- TASK TO CARRY OUT:
Beginning at the line with "this 1722×1148 image.", output each line to the end of the listing below exactly, please.

- PROVIDED ENTRIES:
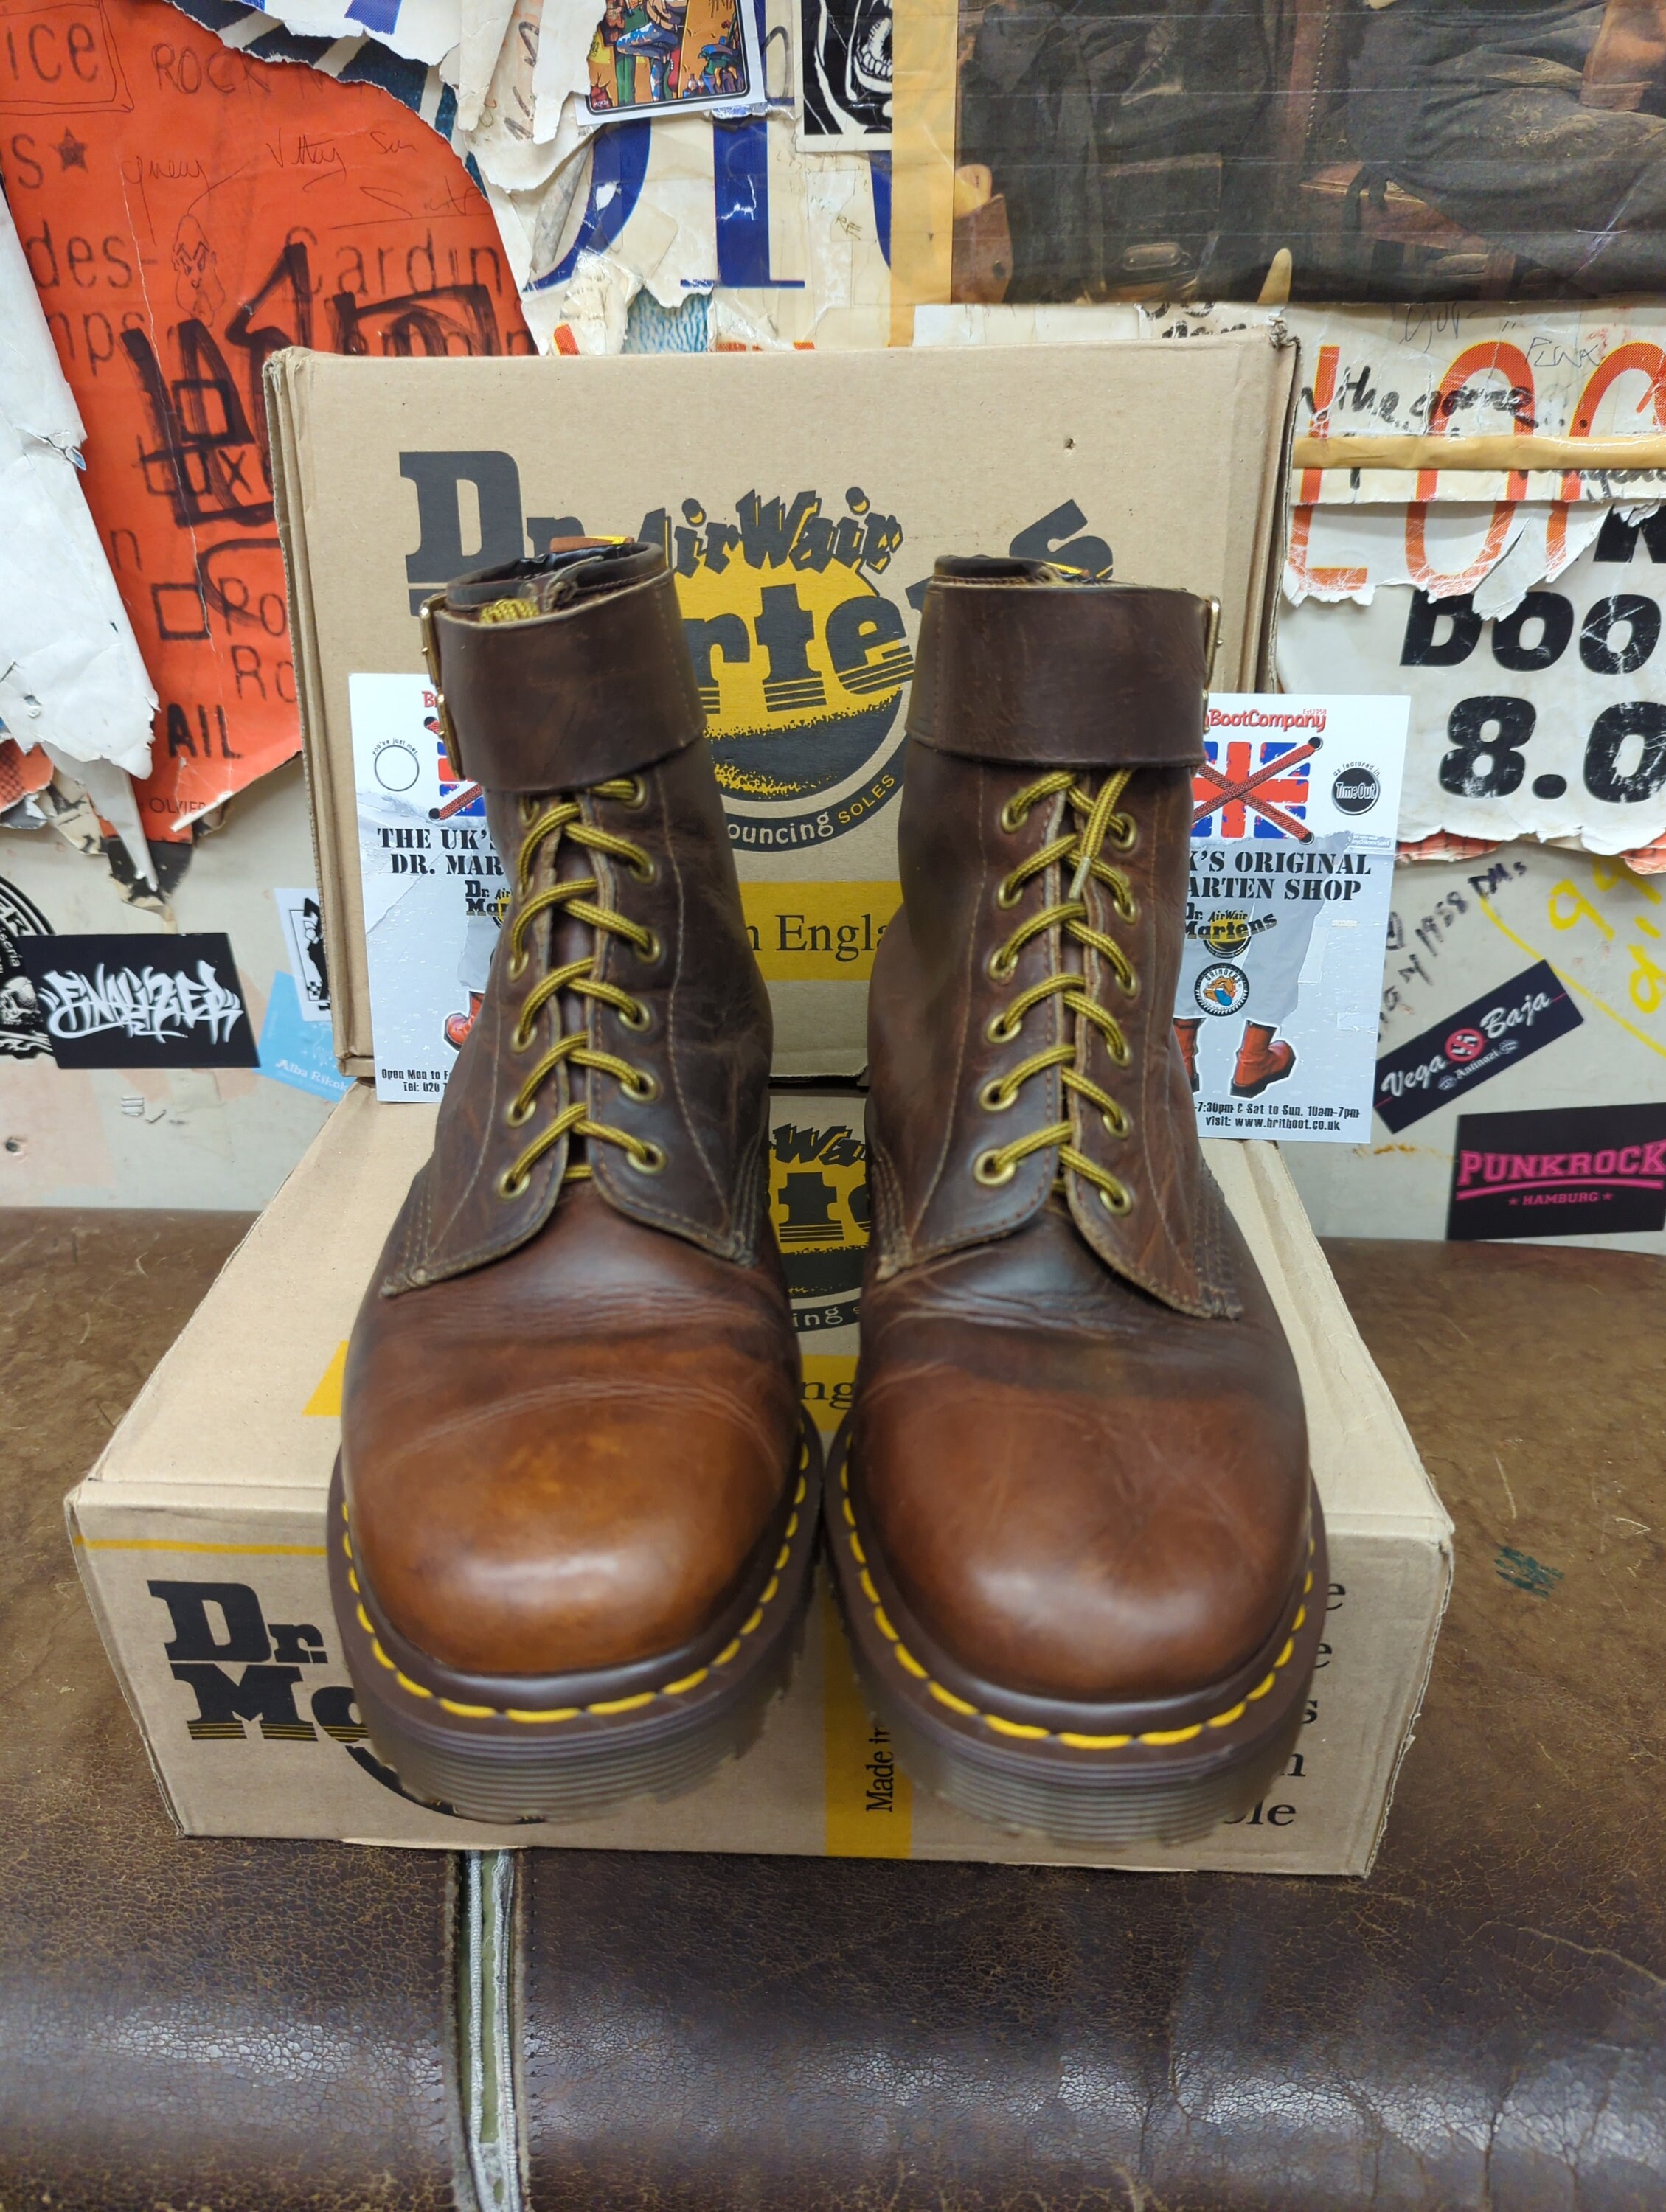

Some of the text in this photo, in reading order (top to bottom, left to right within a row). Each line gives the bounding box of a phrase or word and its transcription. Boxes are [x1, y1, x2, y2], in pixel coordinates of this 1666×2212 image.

[838, 774, 895, 824] SOLES
[378, 828, 431, 849] THE
[391, 854, 435, 874] DR.
[1235, 852, 1372, 875] ORIGINAL
[465, 880, 490, 897] Dr.
[494, 888, 513, 900] Air
[1284, 880, 1361, 901] SHOP
[1185, 913, 1277, 939] Martens
[1207, 910, 1248, 922] AirWair
[1204, 968, 1242, 984] GRINDERS
[1381, 992, 1551, 1097] Vega Baja
[381, 1069, 404, 1080] Open
[407, 1070, 427, 1079] Mon
[430, 1070, 441, 1080] to
[403, 1082, 420, 1092] Tel:
[423, 1082, 440, 1093] 020
[1246, 1103, 1264, 1114] Sat
[1268, 1105, 1278, 1115] to
[1308, 1106, 1360, 1119] 10am-7pm
[1235, 1118, 1341, 1131] www.britboot.co.uk
[1457, 1138, 1666, 1186] PUNKROCK
[1522, 1192, 1599, 1206] HAMBURG
[147, 1580, 328, 1664] Dr.
[864, 1750, 895, 1813] Made
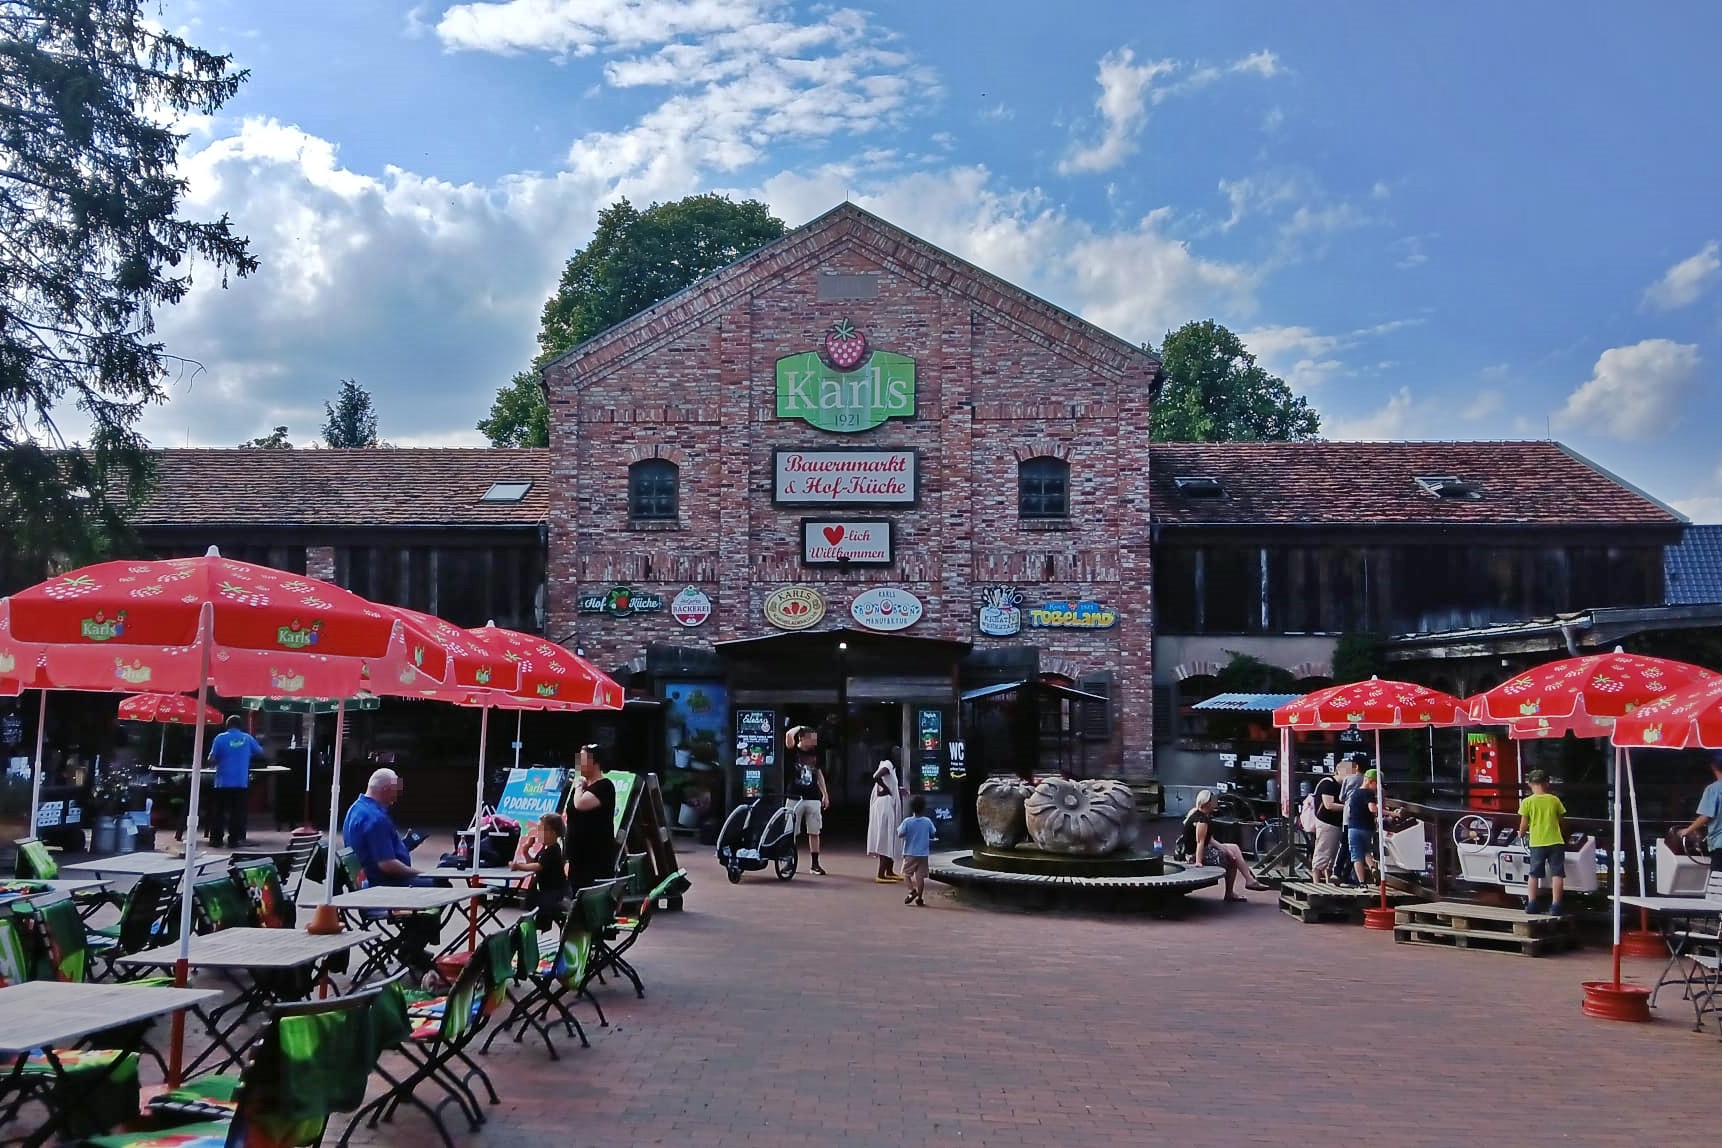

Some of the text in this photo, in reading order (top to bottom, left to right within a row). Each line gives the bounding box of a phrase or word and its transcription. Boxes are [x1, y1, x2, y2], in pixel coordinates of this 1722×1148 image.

[784, 367, 908, 410] Karls
[835, 414, 860, 426] 1921
[784, 454, 906, 472] Bauernmarkt
[784, 476, 906, 499] & Hof-Küche
[809, 547, 885, 559] Willkommen
[628, 597, 659, 608] Küche
[778, 590, 811, 601] KARLS
[584, 597, 607, 612] Hof
[83, 623, 117, 635] Karls
[279, 630, 311, 643] Karls
[948, 741, 965, 761] WC
[509, 796, 555, 812] DORFPLAN

- PROBLEM SOLUTION:
Some of the text in this photo, in reading order (top to bottom, left to right within a row). Each line gives the bounding box of a phrase or word and its transcription. Boxes are [x1, y1, x2, y2], in pixel coordinates of this 1722×1148 image.

[784, 367, 908, 410] Karls
[835, 414, 860, 426] 1921
[784, 454, 906, 472] Bauernmarkt
[784, 476, 906, 499] & Hof-Küche
[809, 547, 885, 559] Willkommen
[628, 597, 659, 608] Küche
[778, 590, 811, 601] KARLS
[584, 597, 607, 612] Hof
[83, 623, 117, 635] Karls
[279, 630, 311, 643] Karls
[948, 741, 965, 761] WC
[509, 796, 555, 812] DORFPLAN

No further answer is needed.